◆ TASK DIRECTIONS: The expected result is a word-for-word copy of the entries, minus any pictures.

Stored data entries:
====================

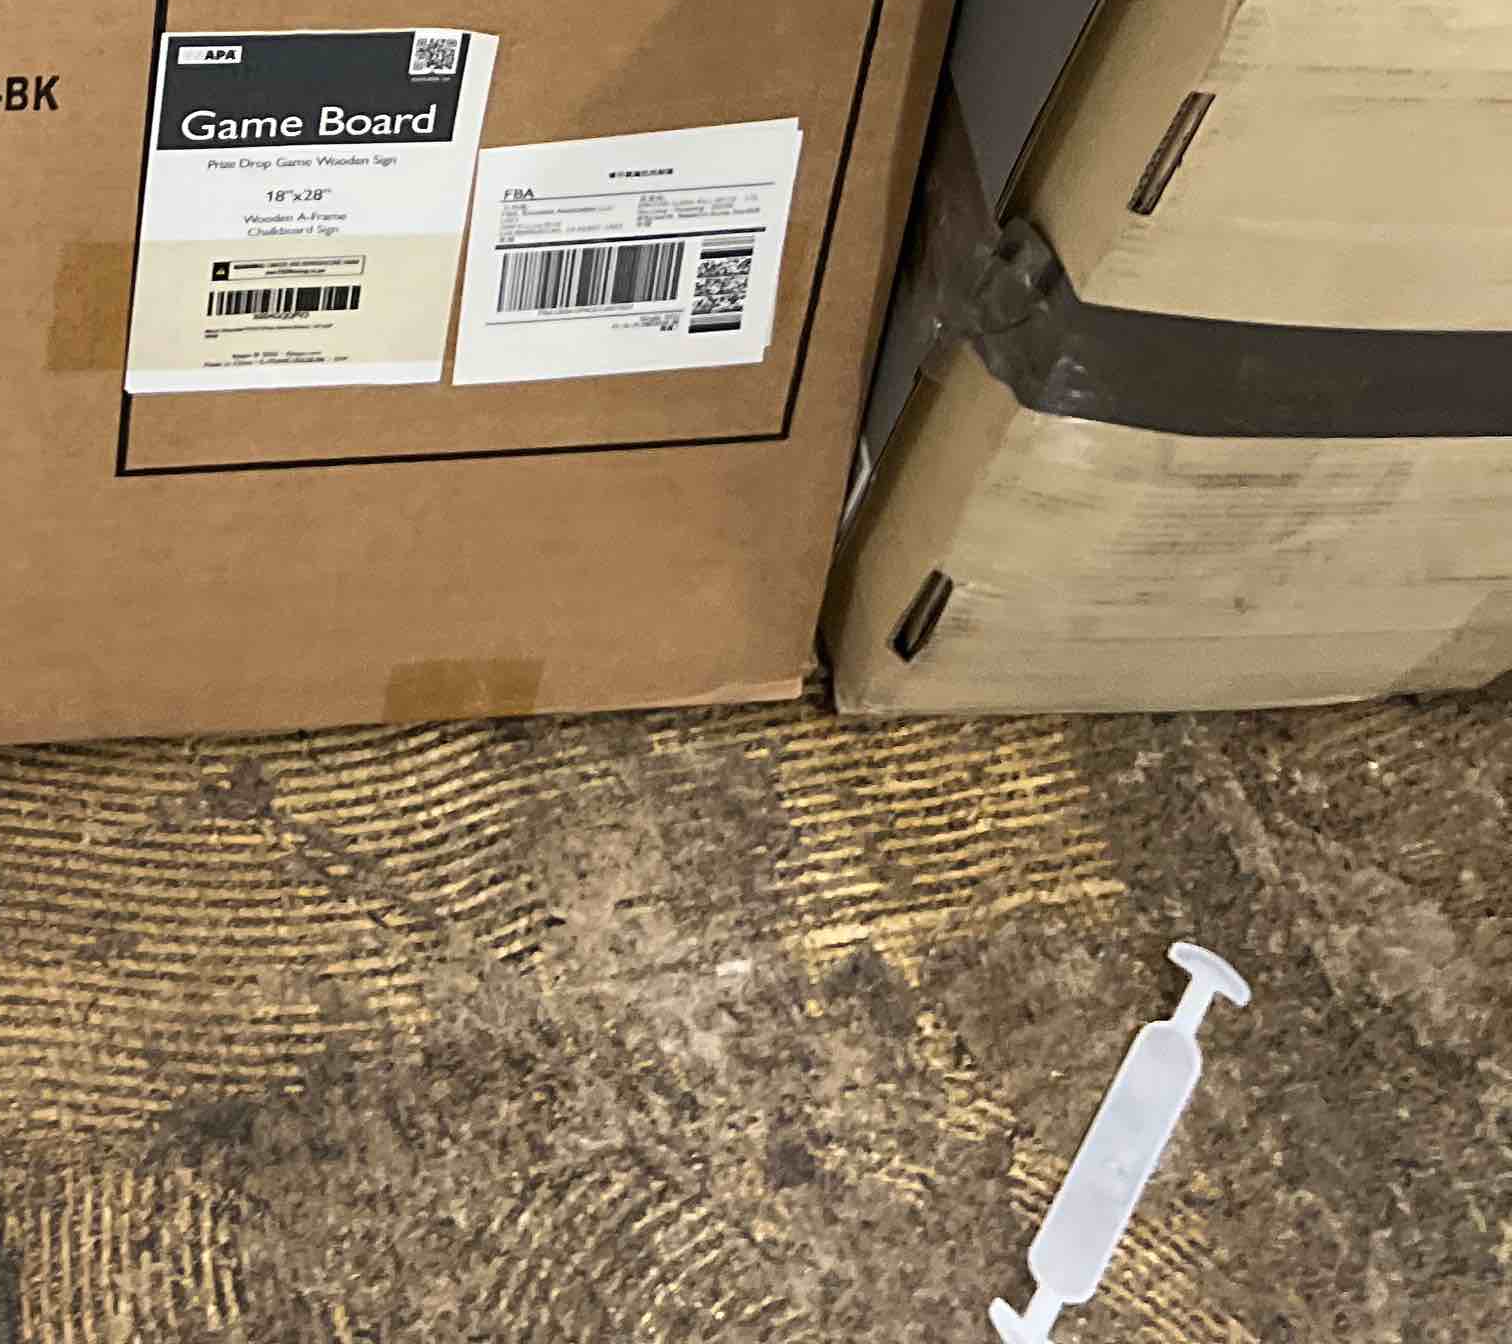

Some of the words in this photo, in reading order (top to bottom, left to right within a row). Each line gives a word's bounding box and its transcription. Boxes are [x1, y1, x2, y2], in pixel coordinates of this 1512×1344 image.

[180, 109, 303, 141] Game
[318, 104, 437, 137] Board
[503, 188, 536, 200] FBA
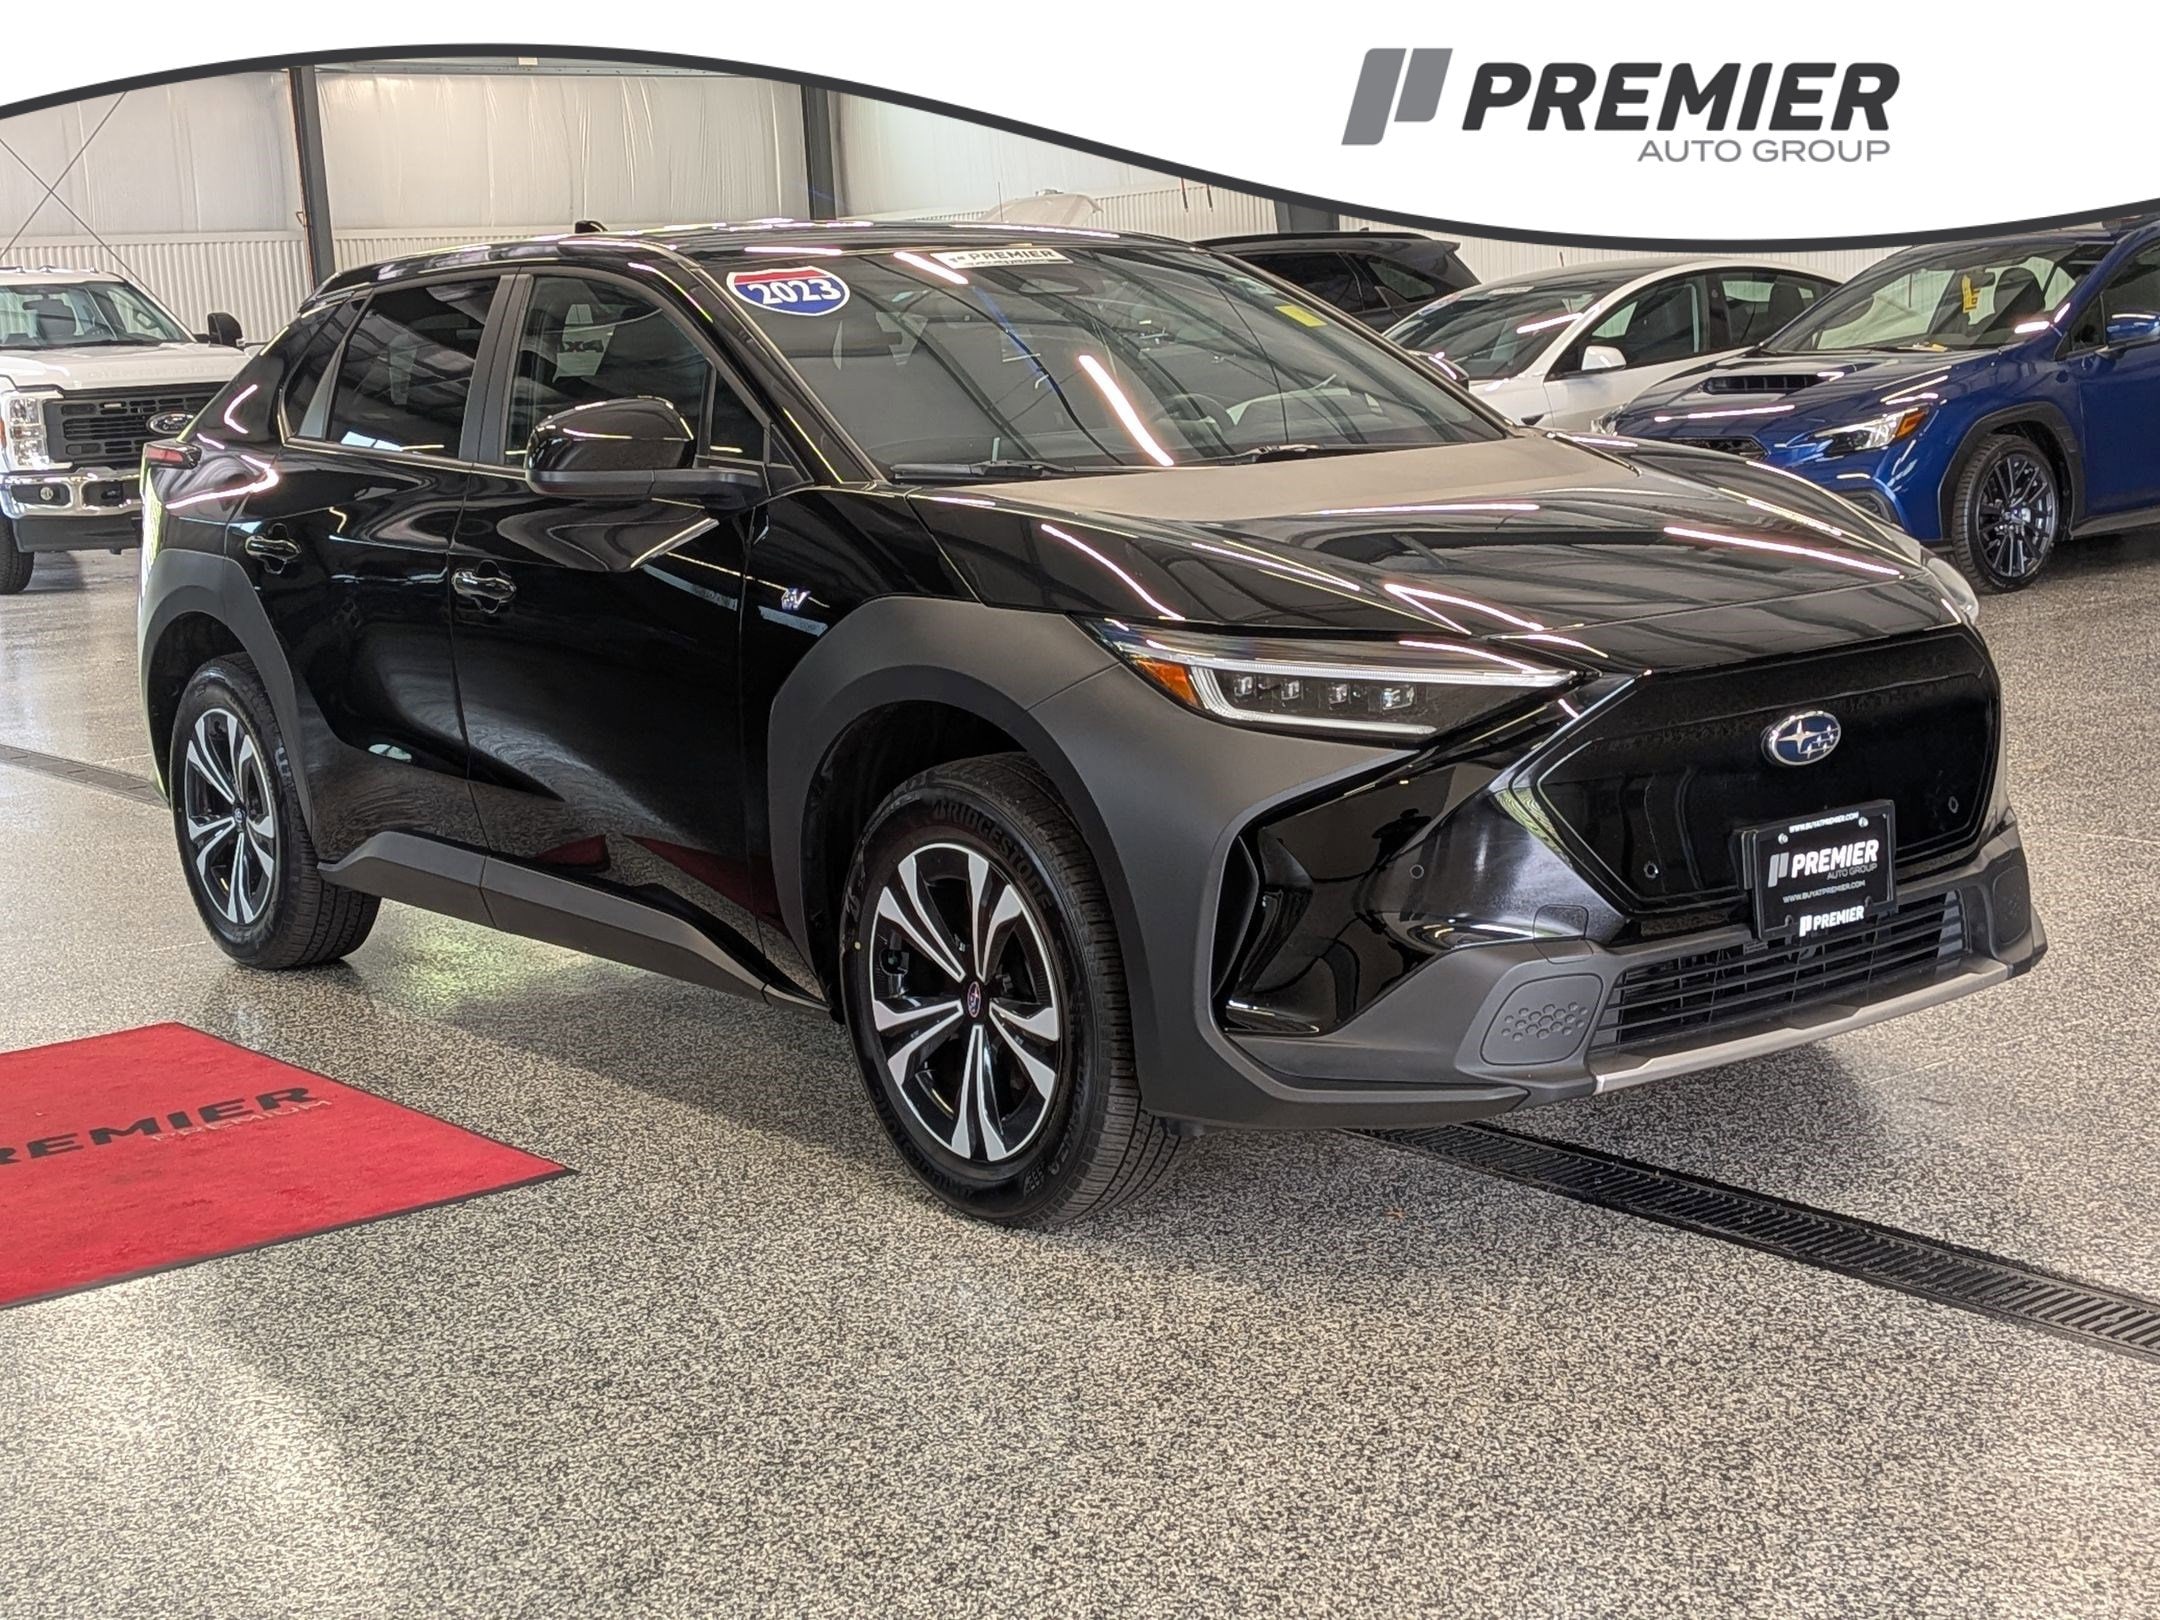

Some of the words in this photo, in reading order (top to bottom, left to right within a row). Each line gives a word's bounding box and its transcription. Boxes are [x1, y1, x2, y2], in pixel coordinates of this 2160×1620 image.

====================

◆ RESULT FOR THIS EXERCISE:
Some of the words in this photo, in reading order (top to bottom, left to right within a row). Each line gives a word's bounding box and its transcription. Boxes are [x1, y1, x2, y2], in pixel coordinates of this 1512×1344 image.

[180, 109, 303, 141] Game
[318, 104, 437, 137] Board
[503, 188, 536, 200] FBA

Some of the words in this photo, in reading order (top to bottom, left to right within a row). Each line gives a word's bounding box and its transcription. Boxes are [x1, y1, x2, y2], in pixel coordinates of this 2160×1620 image.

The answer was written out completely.